◆ Data for this task ◆
---*---
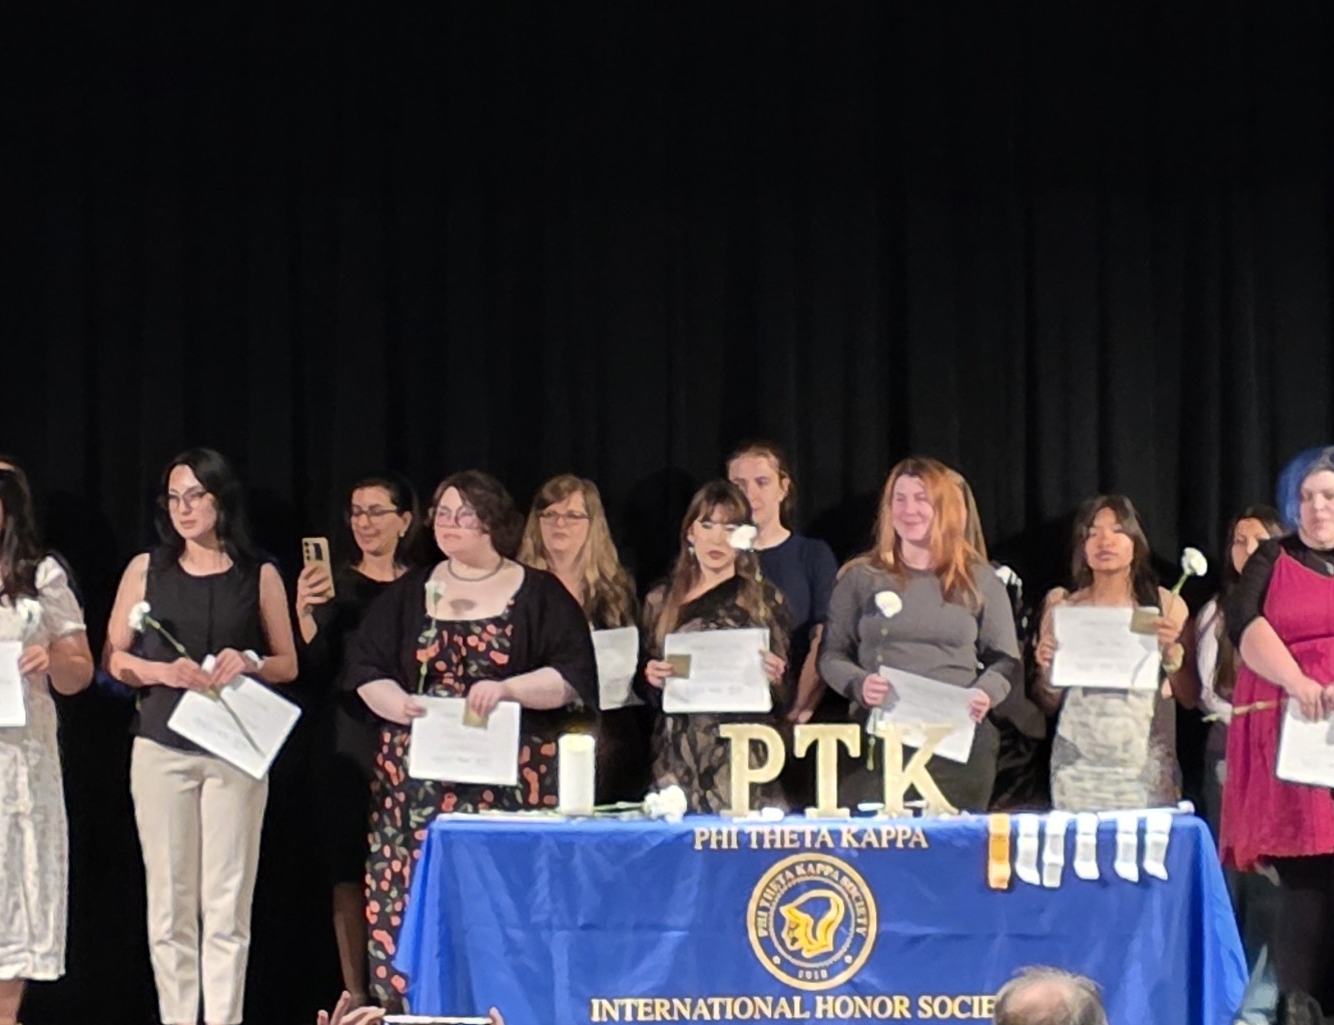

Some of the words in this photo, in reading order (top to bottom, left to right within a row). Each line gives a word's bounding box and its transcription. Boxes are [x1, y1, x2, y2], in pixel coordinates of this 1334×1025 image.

[719, 723, 959, 820] PTK
[694, 827, 738, 849] PHI
[744, 826, 835, 849] THETA
[840, 826, 929, 849] KAPPA
[590, 997, 809, 1022] INTERNATIONAL
[815, 997, 909, 1020] HONOR
[917, 995, 996, 1019] SOCIE
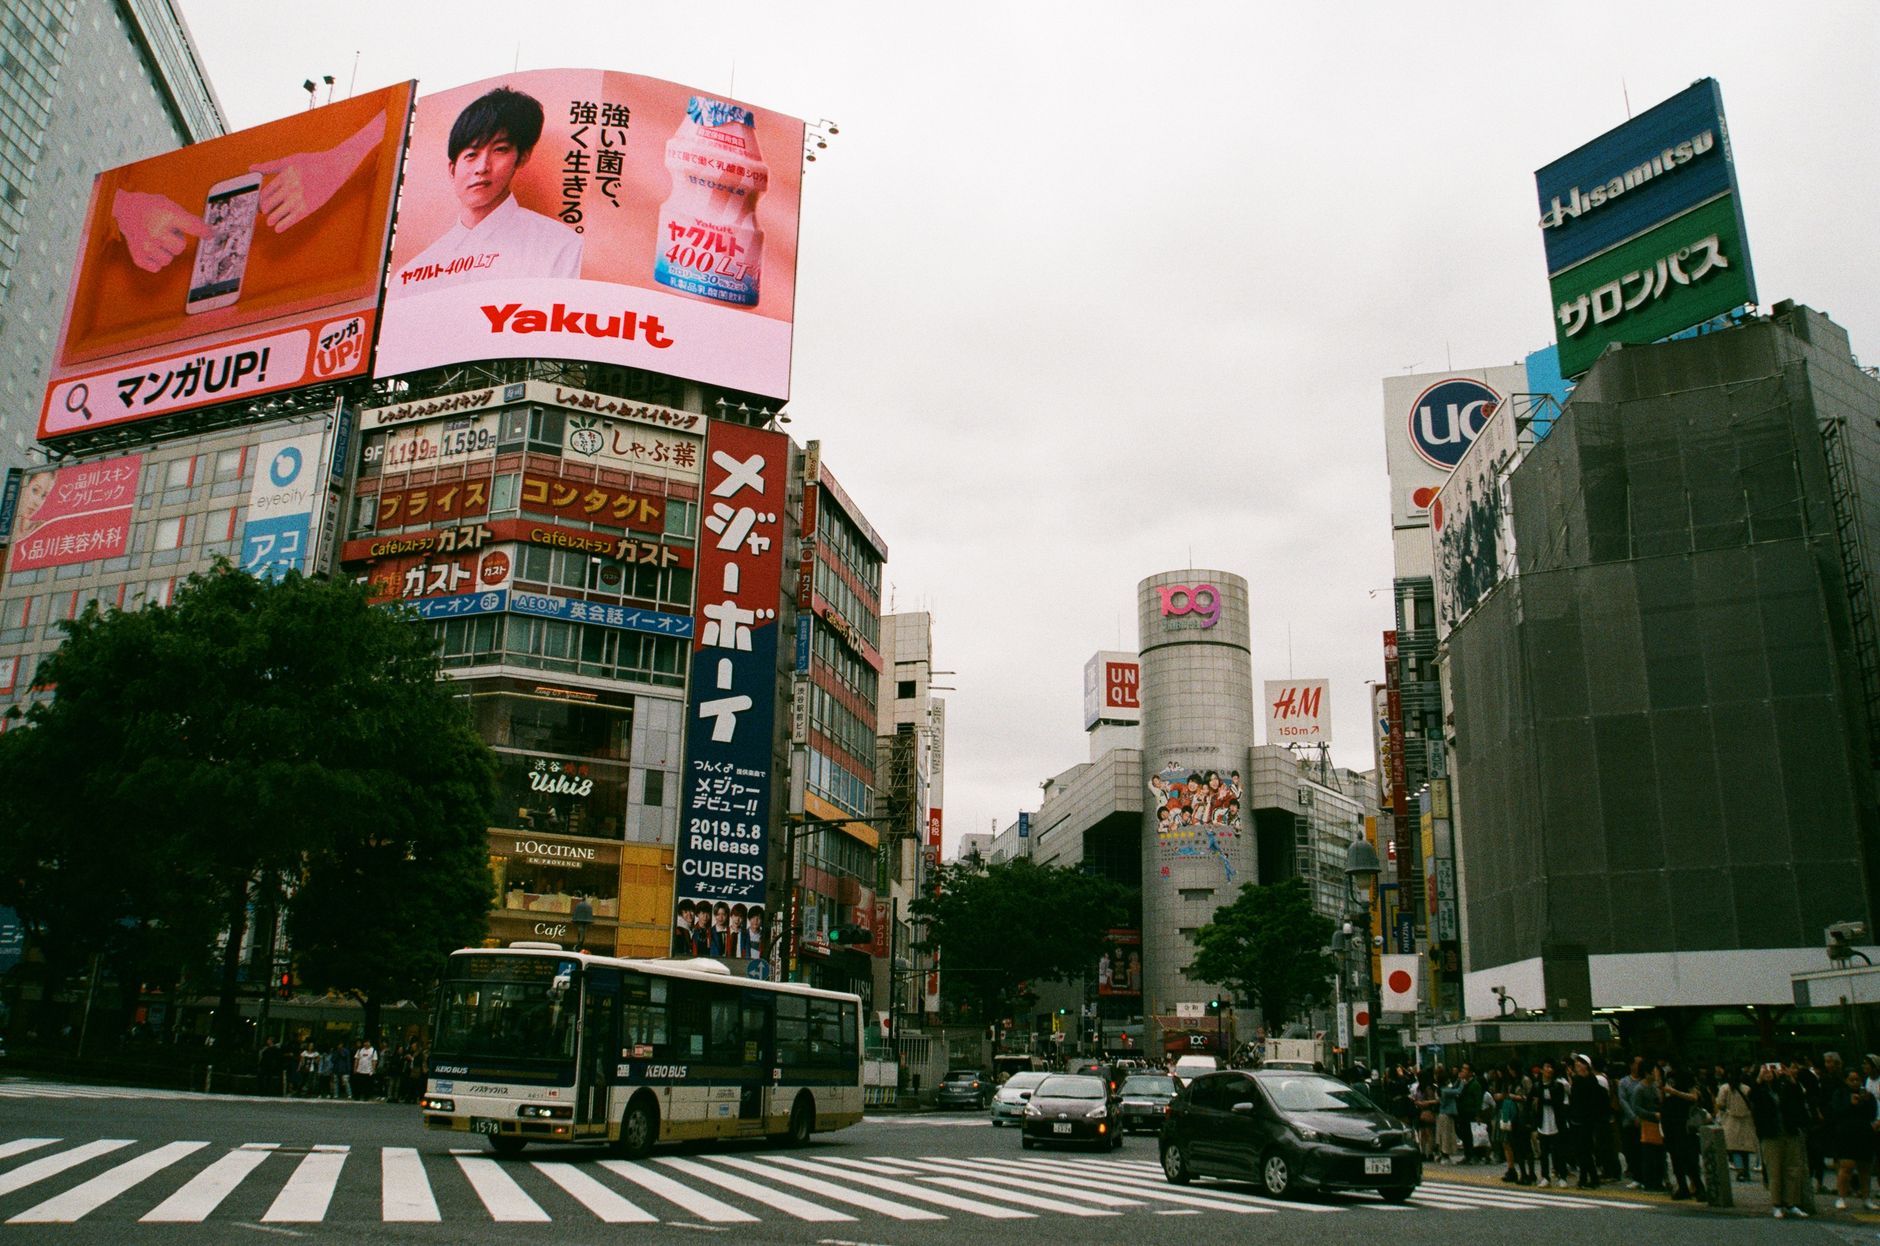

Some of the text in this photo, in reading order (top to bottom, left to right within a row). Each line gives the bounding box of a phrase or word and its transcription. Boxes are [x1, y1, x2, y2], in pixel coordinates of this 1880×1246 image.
---*---
Give back the material word for word, leaving out its pictures.

Some of the words in this photo, in reading order (top to bottom, left to right within a row). Each line gives a word's bounding box and its transcription. Boxes are [x1, y1, x2, y2], in pixel coordinates of this 1334×1025 image.

[719, 723, 959, 820] PTK
[694, 827, 738, 849] PHI
[744, 826, 835, 849] THETA
[840, 826, 929, 849] KAPPA
[590, 997, 809, 1022] INTERNATIONAL
[815, 997, 909, 1020] HONOR
[917, 995, 996, 1019] SOCIE

Some of the text in this photo, in reading order (top to bottom, left to right within a row). Each line gives the bounding box of a phrase or word and its transcription. Boxes are [x1, y1, x2, y2], in pixel coordinates of this 1880×1246 image.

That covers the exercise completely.